Tumors use multiple mechanisms to actively exclude immune cells involved in antitumor immunity. Strategies to overcome these exclusion signals remain limited due to an inability to target therapeutics specifically to the tumor. Synthetic biology enables engineering of cells and microbes for tumor-localized delivery of therapeutic candidates previously unavailable using conventional systemic administration techniques. Here, we engineer bacteria to intratumorally release chemokines to attract adaptive immune cells into the tumor environment. Bacteria expressing an activating mutant of the human chemokine CXCL16 (hCXCL16K42A) offer therapeutic benefit in multiple mouse tumor models, an effect mediated via recruitment of CD8+ T cells. Furthermore, we target the presentation of tumor-derived antigens by dendritic cells, using a second engineered bacterial strain expressing CCL20. This led to type 1 conventional dendritic cell recruitment and synergized with hCXCL16K42A-induced T cell recruitment to provide additional therapeutic benefit. In summary, we engineer bacteria to recruit and activate innate and adaptive antitumor immune responses, offering a new cancer immunotherapy strategy.
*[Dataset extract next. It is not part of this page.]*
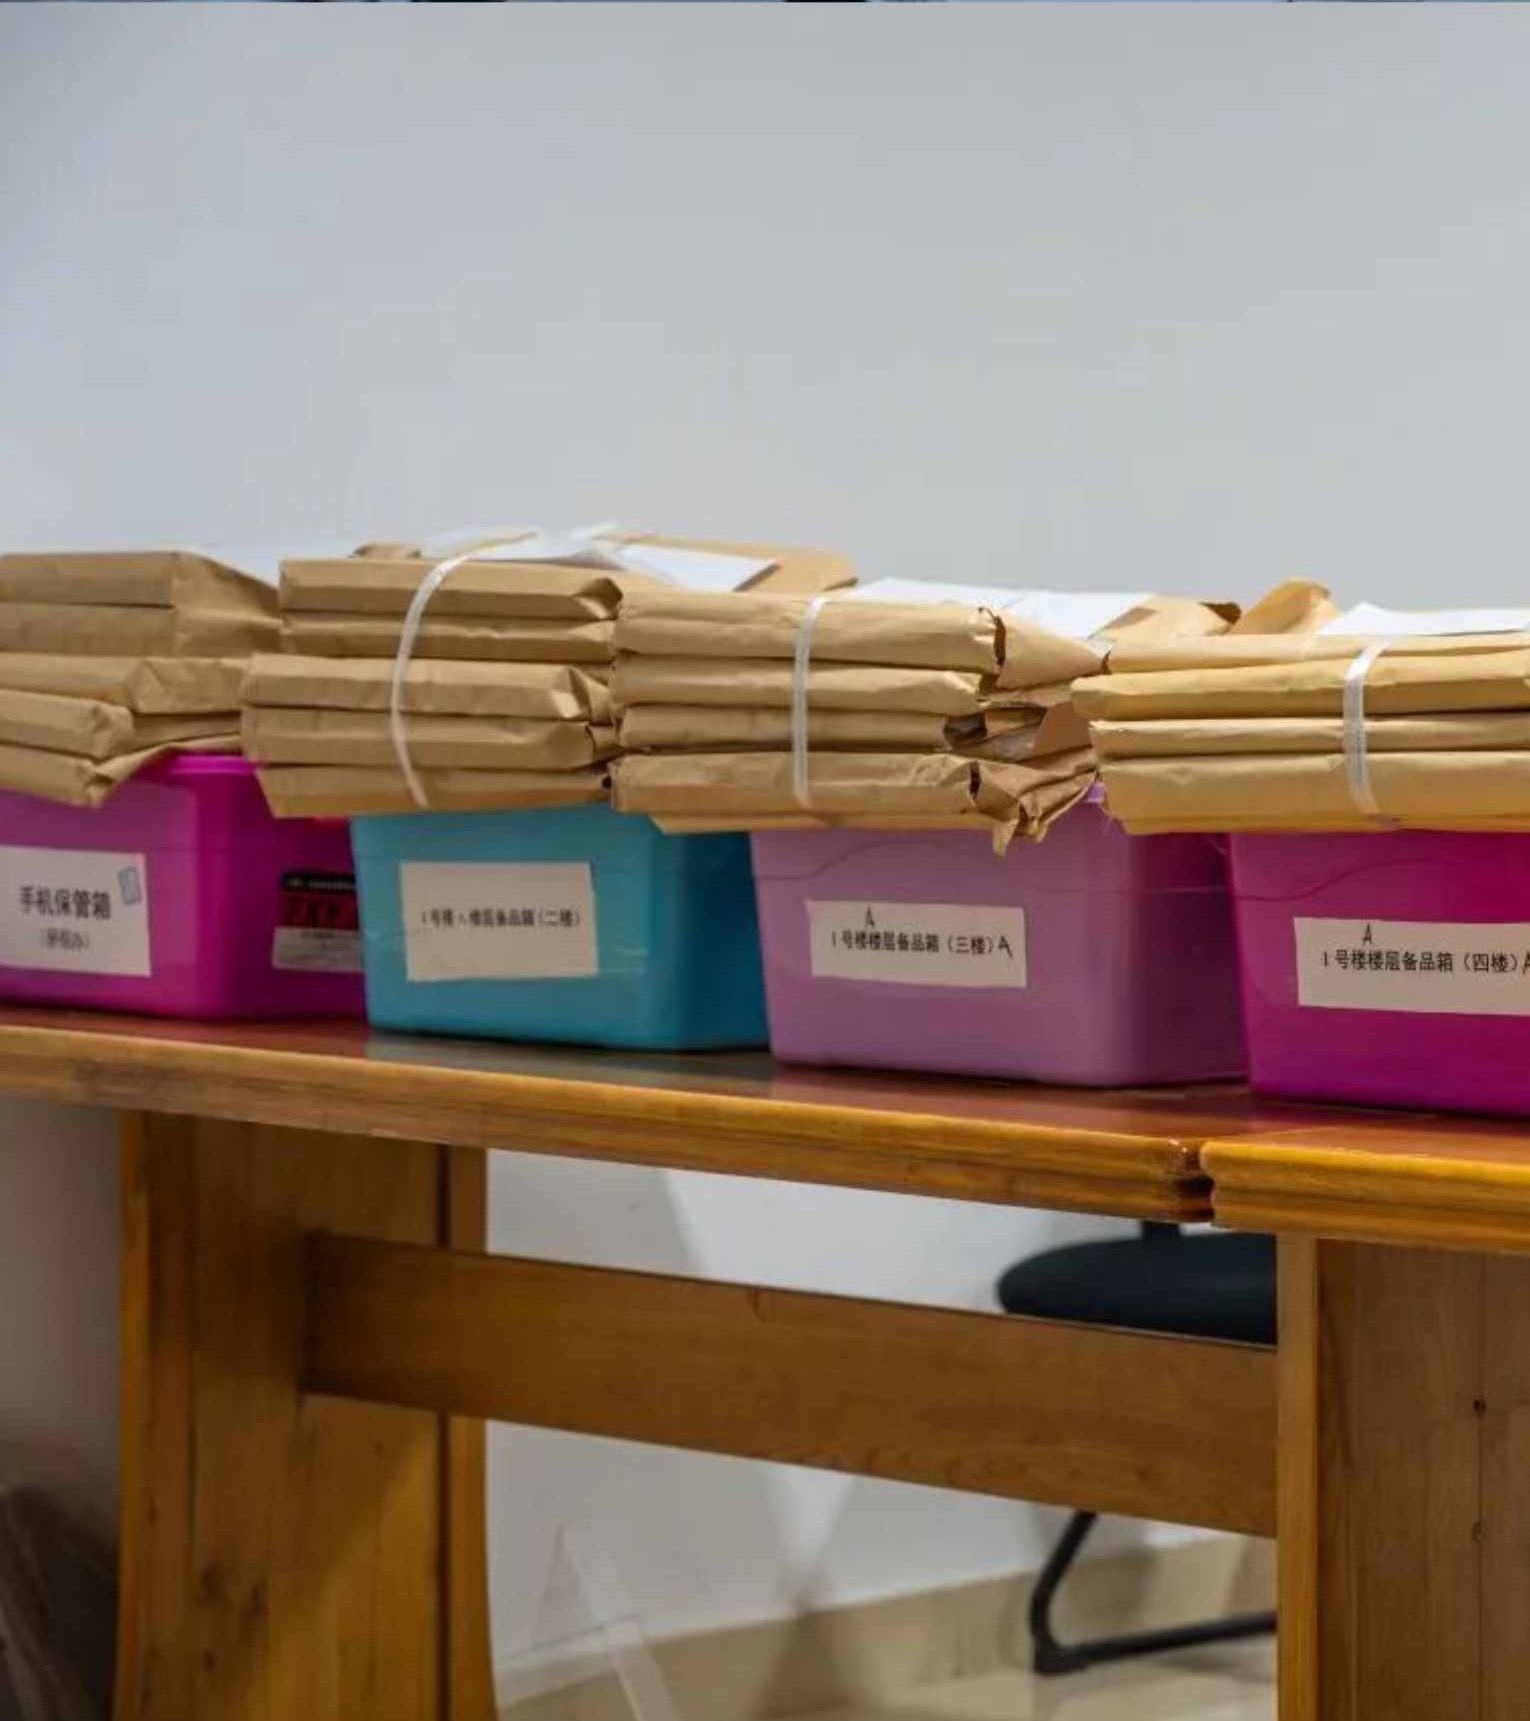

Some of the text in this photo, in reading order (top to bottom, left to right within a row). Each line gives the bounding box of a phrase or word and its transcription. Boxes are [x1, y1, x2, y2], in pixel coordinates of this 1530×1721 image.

Probiotic-guided CAR-T cells for solid tumor targeting.

A major challenge facing tumor-antigen targeting therapies such as chimeric antigen receptor (CAR)-T cells is the identification of suitable targets that are specifically and uniformly expressed on heterogeneous solid tumors. By contrast, certain species of bacteria selectively colonize immune-privileged tumor cores and can be engineered as antigen-independent platforms for therapeutic delivery. To bridge these approaches, we developed a platform of probiotic-guided CAR-T cells (ProCARs), in which tumor-colonizing probiotics release synthetic targets that label tumor tissue for CAR-mediated lysis in situ. This system demonstrated CAR-T cell activation and antigen-agnostic cell lysis that was safe and effective in multiple xenograft and syngeneic models of human and mouse cancers. We further engineered multifunctional probiotics that co-release chemokines to enhance CAR-T cell recruitment and therapeutic response.
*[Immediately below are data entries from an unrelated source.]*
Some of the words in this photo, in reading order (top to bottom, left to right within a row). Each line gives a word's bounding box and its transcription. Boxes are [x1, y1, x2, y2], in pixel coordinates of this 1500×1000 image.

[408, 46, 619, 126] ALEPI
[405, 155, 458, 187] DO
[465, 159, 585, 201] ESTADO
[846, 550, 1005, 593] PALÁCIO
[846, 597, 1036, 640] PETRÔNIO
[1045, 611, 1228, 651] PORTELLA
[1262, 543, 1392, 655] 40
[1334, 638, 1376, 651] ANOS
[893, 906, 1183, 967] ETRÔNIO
Colorectal cancer detection and treatment with engineered probiotics.

Bioengineered probiotics enable new opportunities to improve colorectal cancer (CRC) screening, prevention and treatment strategies. Here, we demonstrate the phenomenon of selective, long-term colonization of colorectal adenomas after oral delivery of probiotic E. coli Nissle 1917 (EcN) to a genetically-engineered murine model of CRC predisposition. We show that, after oral administration, adenomas can be monitored over time by recovering EcN from stool. We also demonstrate specific colonization of EcN to solitary neoplastic lesions in an orthotopic murine model of CRC. We then exploit this neoplasia-homing property of EcN to develop early CRC intervention strategies. To detect lesions, we engineer EcN to produce a small molecule, salicylate, and demonstrate that oral delivery of this strain results in significantly increased levels of salicylate in the urine of adenoma-bearing mice, in comparison to healthy controls. We also assess EcN engineered to locally release immunotherapeutics at the neoplastic site. Oral delivery to mice bearing adenomas, reduced adenoma burden by ∻50%, with notable differences in the spatial distribution of T cell populations within diseased and healthy intestinal tissue, suggesting local induction of robust anti-tumor immunity. Together, these results support the use of EcN as an orally-delivered platform to detect disease and treat CRC through its production of screening and therapeutic molecules.